[Items from a data source]
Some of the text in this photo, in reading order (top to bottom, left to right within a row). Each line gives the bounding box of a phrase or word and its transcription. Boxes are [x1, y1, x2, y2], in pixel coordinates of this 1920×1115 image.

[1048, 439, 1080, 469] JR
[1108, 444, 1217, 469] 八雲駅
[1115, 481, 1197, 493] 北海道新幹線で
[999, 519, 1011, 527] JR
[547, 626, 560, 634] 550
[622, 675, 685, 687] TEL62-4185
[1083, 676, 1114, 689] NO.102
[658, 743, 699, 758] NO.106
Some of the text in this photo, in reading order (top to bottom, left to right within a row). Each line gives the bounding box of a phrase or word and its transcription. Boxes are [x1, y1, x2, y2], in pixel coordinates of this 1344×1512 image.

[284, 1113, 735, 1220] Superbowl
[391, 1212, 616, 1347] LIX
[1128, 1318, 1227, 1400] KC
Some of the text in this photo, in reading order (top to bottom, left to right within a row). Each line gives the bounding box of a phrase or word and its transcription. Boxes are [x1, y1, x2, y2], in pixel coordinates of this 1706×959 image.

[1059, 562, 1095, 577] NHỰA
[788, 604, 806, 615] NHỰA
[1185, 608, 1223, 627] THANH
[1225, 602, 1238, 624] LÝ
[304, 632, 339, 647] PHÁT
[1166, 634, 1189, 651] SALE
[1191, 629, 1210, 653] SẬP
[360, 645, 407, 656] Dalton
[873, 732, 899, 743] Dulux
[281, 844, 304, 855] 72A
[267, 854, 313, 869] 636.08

• WHAT IS NEEDED: Write out the lines above exactly, but only from the one containing "this 1706×959 image." through the last one.

• TASK SOLUTION:
Some of the text in this photo, in reading order (top to bottom, left to right within a row). Each line gives the bounding box of a phrase or word and its transcription. Boxes are [x1, y1, x2, y2], in pixel coordinates of this 1706×959 image.

[1059, 562, 1095, 577] NHỰA
[788, 604, 806, 615] NHỰA
[1185, 608, 1223, 627] THANH
[1225, 602, 1238, 624] LÝ
[304, 632, 339, 647] PHÁT
[1166, 634, 1189, 651] SALE
[1191, 629, 1210, 653] SẬP
[360, 645, 407, 656] Dalton
[873, 732, 899, 743] Dulux
[281, 844, 304, 855] 72A
[267, 854, 313, 869] 636.08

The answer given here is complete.